# Distributed DNN Training Architecture Simulator: DDTAS 
# README
Distributed DNN Training Architecture Simulator (DDTAS) is a tool used to compare the performance of various distributed training architectures for a user-specified Deep Neural Network (DNN). The tool allows the user to modify **any** of the following variables in the simulated network:

| Variable       | Name in Code     | Unit     |
| :----------: | :----------: | :----------: |
| Processor amount | max_processors | None |
 Processing power | C | GFLOP/s |
 Residual memory | R | GB |
 Residual fraction | E | None |
 Bandwidth | B | GB/s |
 Layer amount | max_layers | None |
 Network size | G_base | GFLOP |
 Memory required | M_base | GB |
 Server network size | G_server | GFLOP |
 Client network size  | G_client | GFLOP |
 Aggregation network size | G_agg | GFLOP |
 Server memory required | M_server | GB |
 Client memory required | M_client | GB |
 Aggregation-server memory required | M_agg | GB |
 Intermediate results | D_client_out | GB |
 Weights matrix | D_weights | GB |
 Individual sample size | batch_individual_file_size | GB |
 Batch size | batch_size | None |
 Batches per client | total_batches_XX* | None |
 Epochs | epochs | None |
 Maximum calculated paths | max_paths | None |
 Minimum Split | min_split | None |
 Minimum clients | client_amount | None |
 Amount of events | event_amount | None |
 
** *Replace XX with the architecture abbreviation of your choice (PL, FL, SL, PSL, FSL)*

All of these variables can be modified in **config.ipynb**. Based on the user-specified variables (network conditions), the tool will then output the **fastest training time** and the accompanying **network graph** for the specified DNN. 
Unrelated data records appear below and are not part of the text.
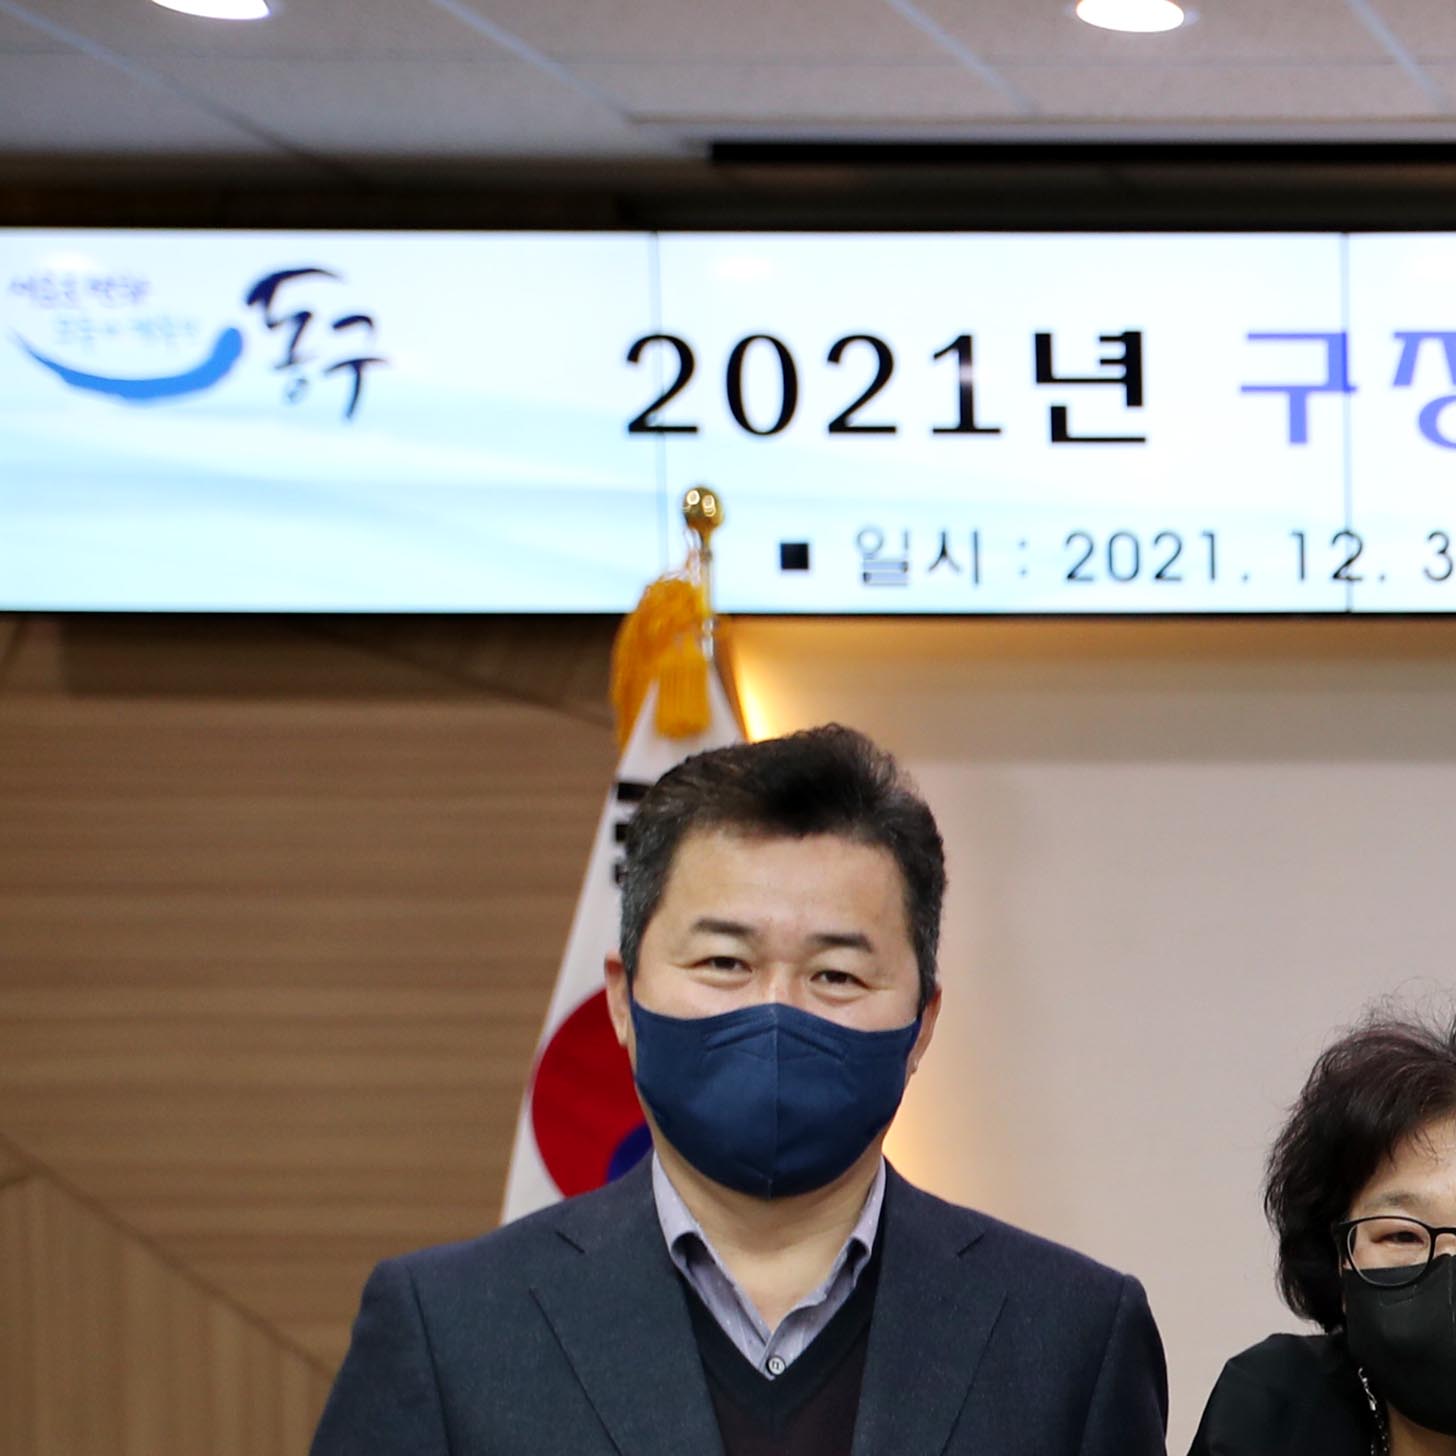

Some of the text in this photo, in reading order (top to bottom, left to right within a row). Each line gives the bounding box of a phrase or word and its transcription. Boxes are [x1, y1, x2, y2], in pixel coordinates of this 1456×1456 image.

[244, 267, 391, 423] 동구
[623, 328, 1147, 445] 2021년
[856, 530, 980, 585] 일시
[1065, 530, 1248, 583] 2021.
[1291, 525, 1385, 586] 12.
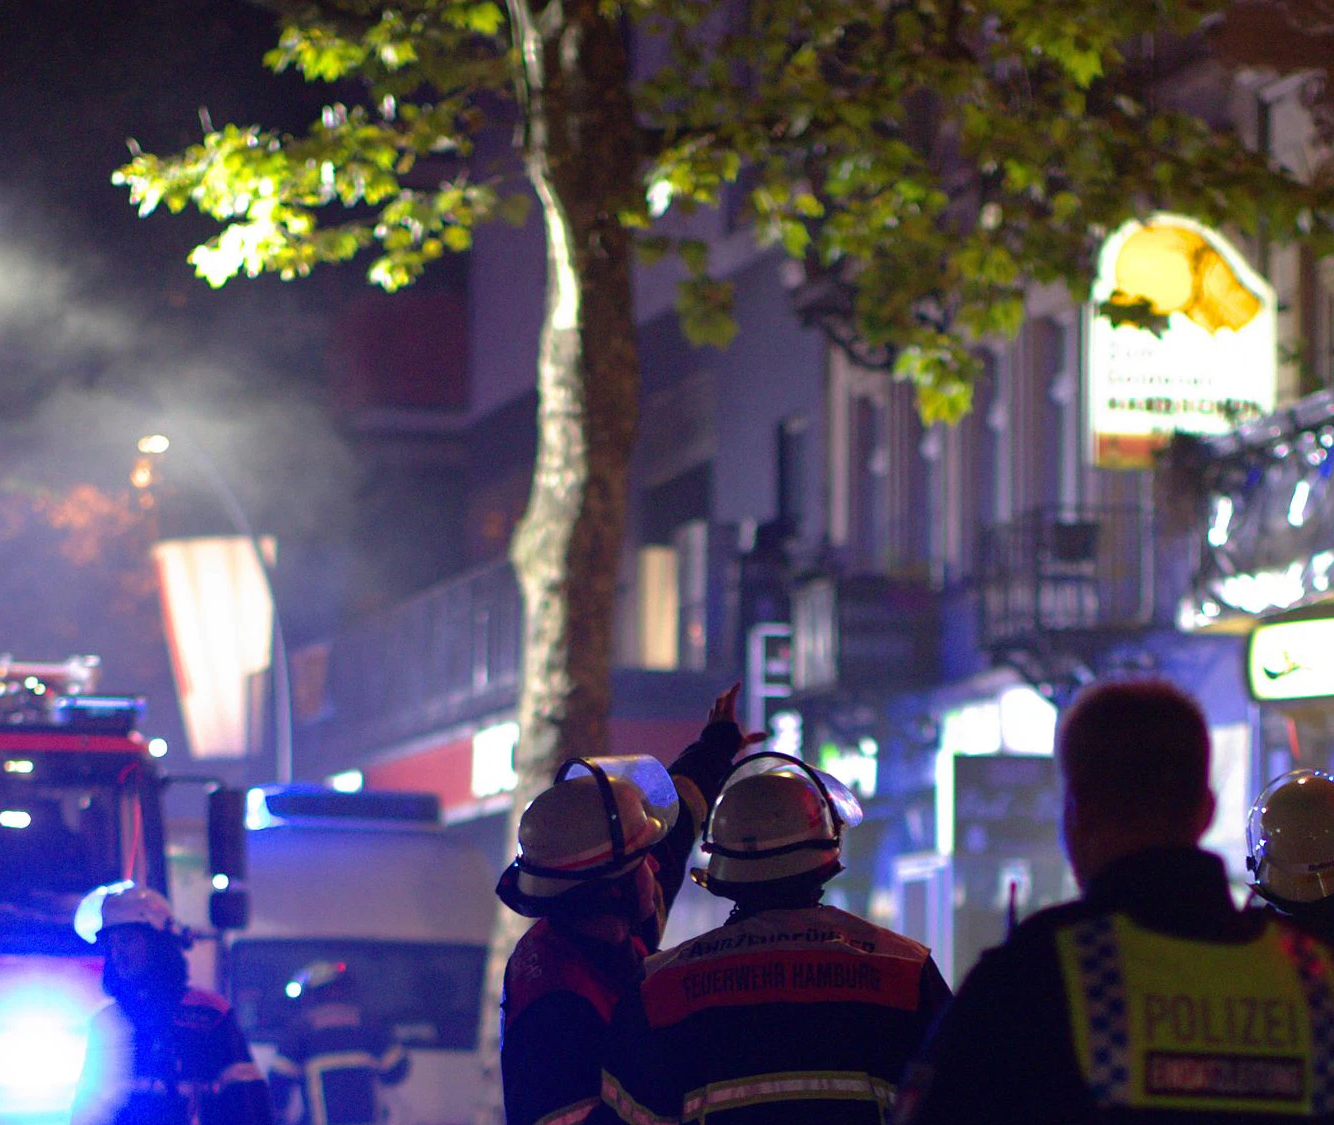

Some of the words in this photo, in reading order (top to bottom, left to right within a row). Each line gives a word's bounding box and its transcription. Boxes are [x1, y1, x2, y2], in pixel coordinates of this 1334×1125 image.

[682, 962, 786, 1000] FEUERWEHR
[792, 962, 882, 992] HAMBURG
[1145, 993, 1296, 1047] POLIZEI
## Supported Distributed Training Architectures
DDTAS currently supports 5 following distributed training architectures:
1. Pipeline Learning (PL)
2. Federated Learning (FL)
3. Split Learning (SL)
4. Parallel Split Learning (PSL)
5. Federated Split Learning (FSL)



## Necessary Libraries
- Most necessary libraries to run DDTAS, including [PyTorch](https://pytorch.org/) and [PySyft](https://blog.openmined.org/tag/pysyft/) 0.2.9, are installed by following the instructions [here](https://github.com/OpenMined/PySyft/tree/PySyft/syft_0.2.x). 
- [Pandas](https://pandas.pydata.org/) is also required to be able to read the outputs of the simulator. 
- In case it is not installed already, install [NumPy](https://numpy.org/).

## Optional Libraries
- To monitor progress in a multi-variate analysis, install [tqdm](https://pypi.org/project/tqdm/). 

## How to Run
DDTAS can be run in multiple modes:

### Single Simulation Mode
1. Input all parameters listed in the table shown before into the *config.ipynb*. Save the file only, there is no need to run it. If the user wants to know the values of these parameters from a real NN implemented in PyTorch, refer to the Measurement Tools shown in the next section.
2. In *RUN_SIMULATOR.ipynb*, set the MODE variable to "SINGLE".
3. Define the output file name by modifying the *file_name* (without specifying a extension).
4. In *Logger.ipynb* in the method *logger_individual()*, define the output path for the results. All results will be saved with the file name specified in the previous step and will be saved in .CSV format. The user is free to modify the *logger_individual()* method to output the results in another format.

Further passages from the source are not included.